* **Work to be completed**: Transcribe each line below verbatim; pictures excluded.

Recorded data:

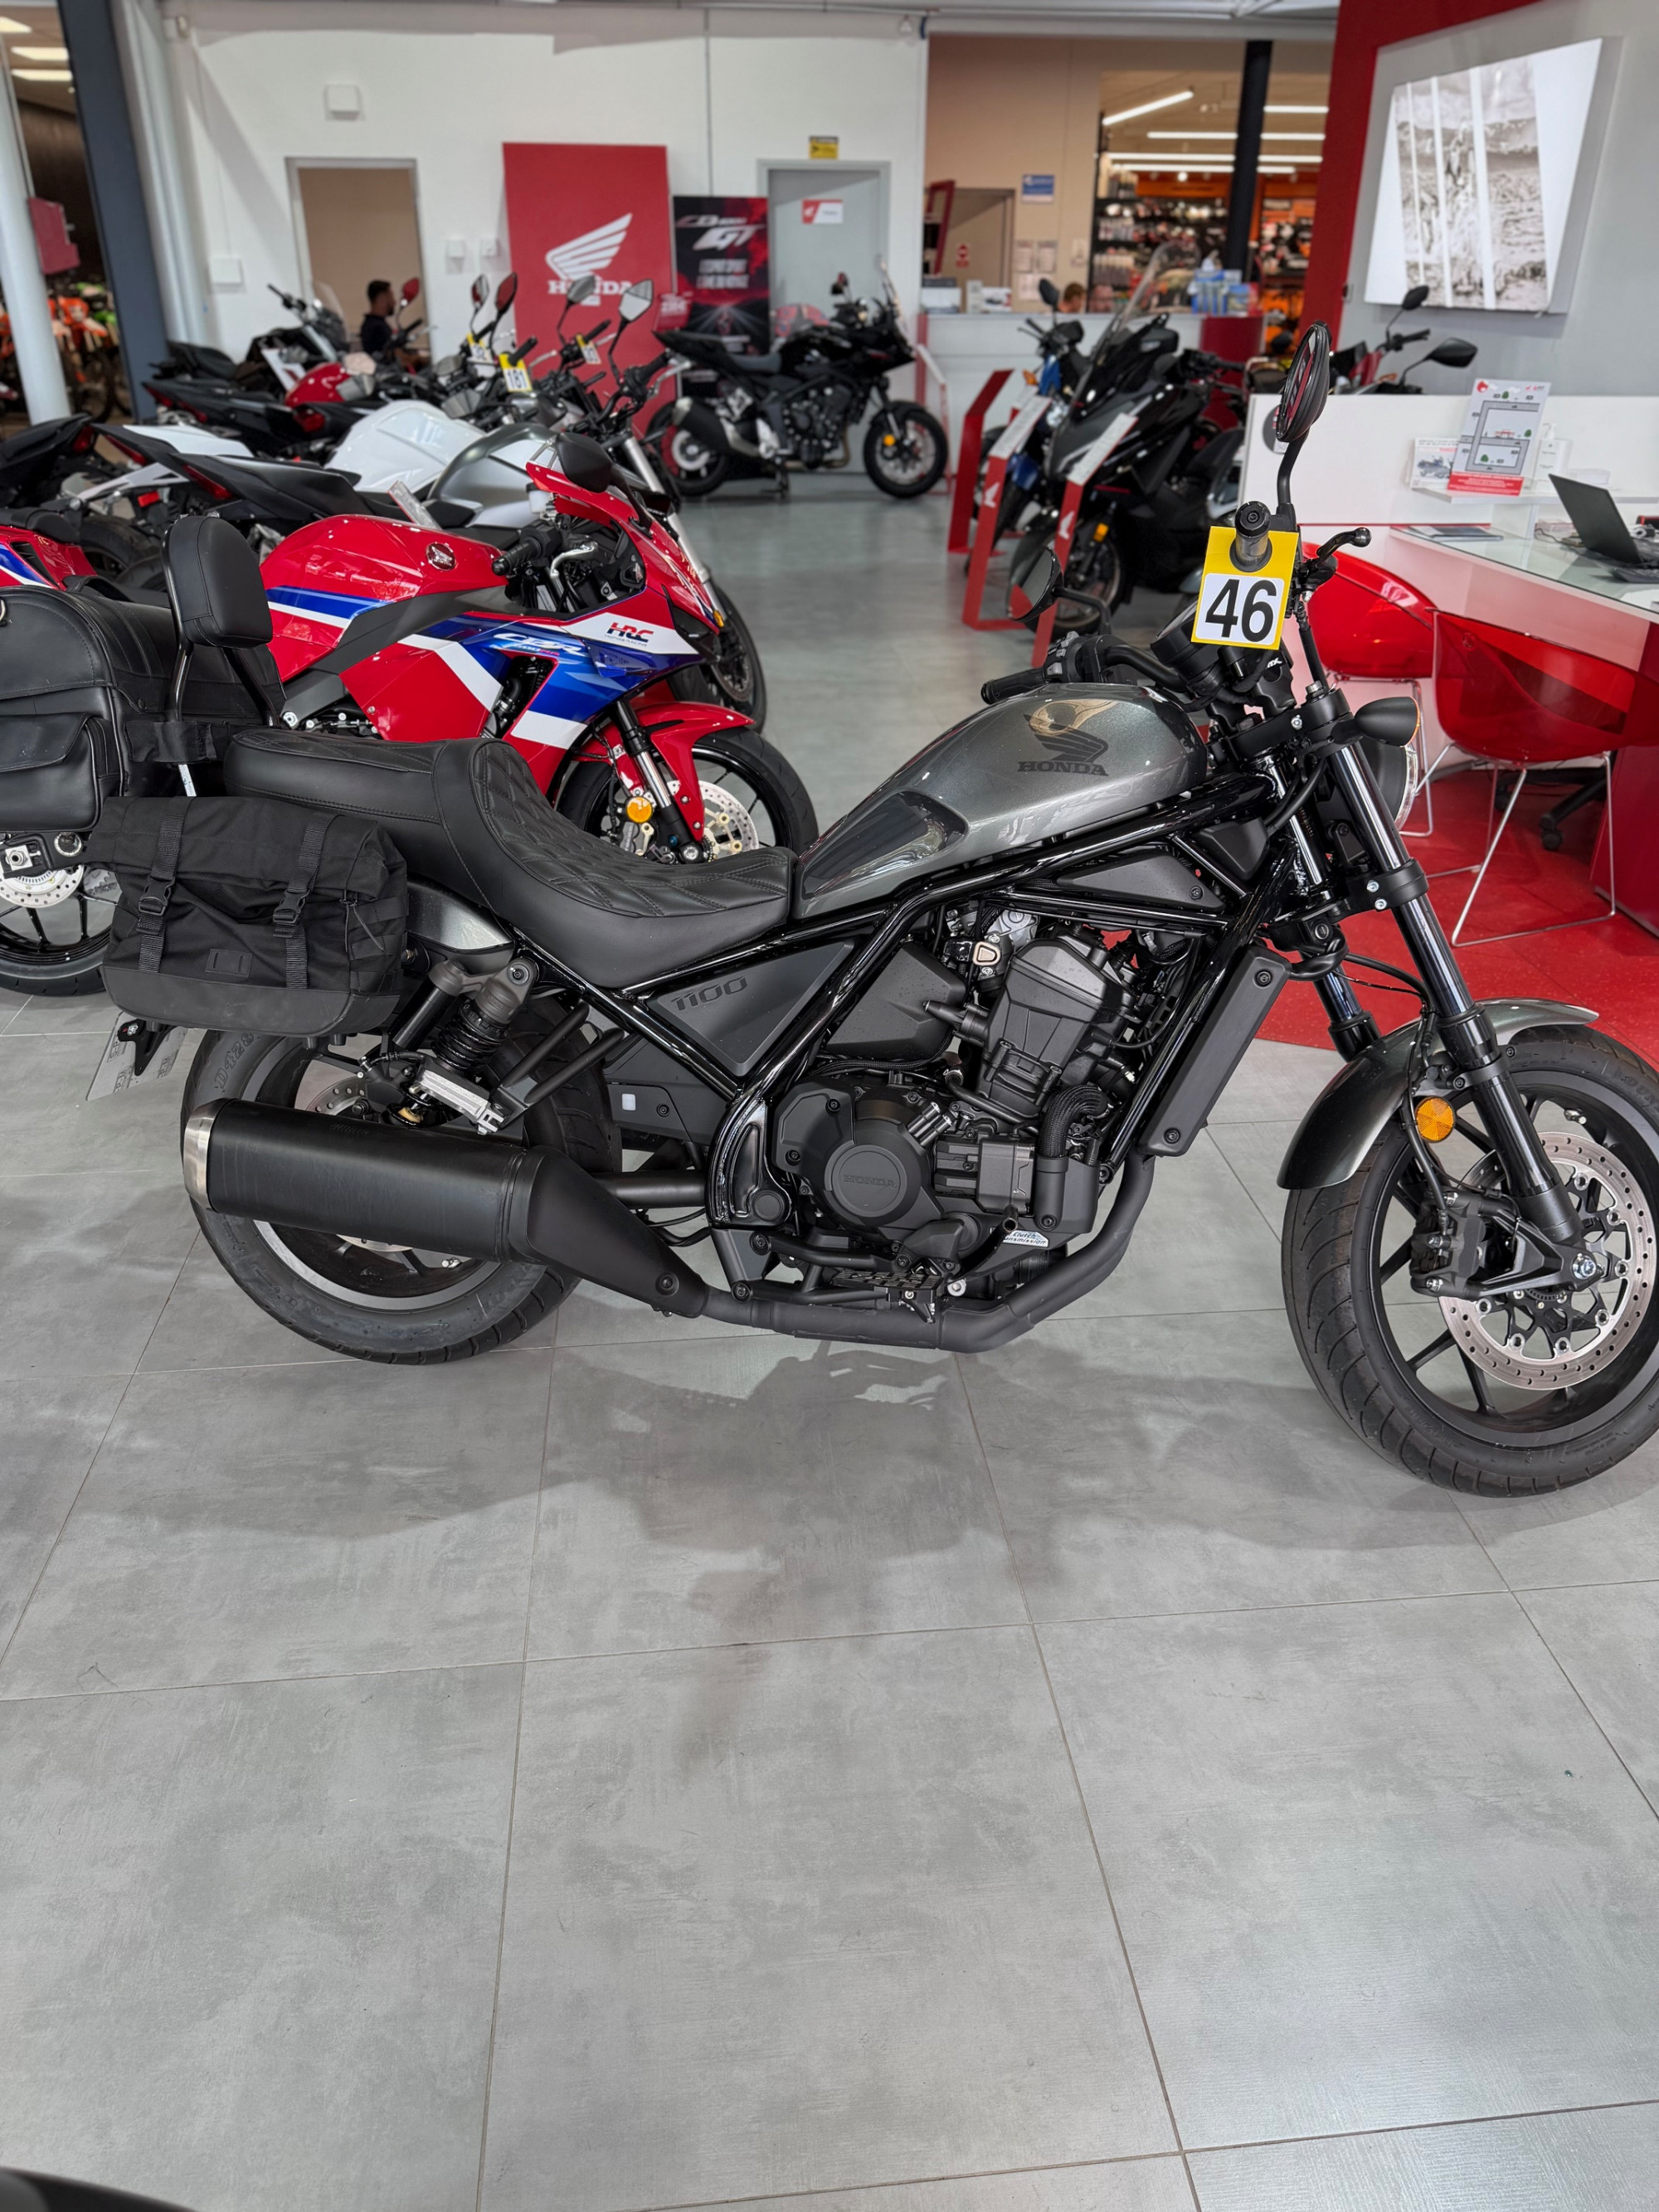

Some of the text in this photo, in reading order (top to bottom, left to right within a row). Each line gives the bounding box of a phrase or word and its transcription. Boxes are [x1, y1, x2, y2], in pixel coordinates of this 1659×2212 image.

[548, 280, 632, 294] HDA
[507, 370, 528, 388] 181
[1205, 578, 1277, 642] 46
[606, 622, 654, 643] HRC
[493, 633, 588, 658] CBR
[1017, 761, 1109, 776] HONDA
[671, 975, 747, 1011] 1100
[214, 1033, 255, 1089] D428
[843, 1174, 897, 1188] HONDA
[1005, 1236, 1046, 1245] ansmission

* **Finished exercise**:
Some of the text in this photo, in reading order (top to bottom, left to right within a row). Each line gives the bounding box of a phrase or word and its transcription. Boxes are [x1, y1, x2, y2], in pixel coordinates of this 1659×2212 image.

[548, 280, 632, 294] HDA
[507, 370, 528, 388] 181
[1205, 578, 1277, 642] 46
[606, 622, 654, 643] HRC
[493, 633, 588, 658] CBR
[1017, 761, 1109, 776] HONDA
[671, 975, 747, 1011] 1100
[214, 1033, 255, 1089] D428
[843, 1174, 897, 1188] HONDA
[1005, 1236, 1046, 1245] ansmission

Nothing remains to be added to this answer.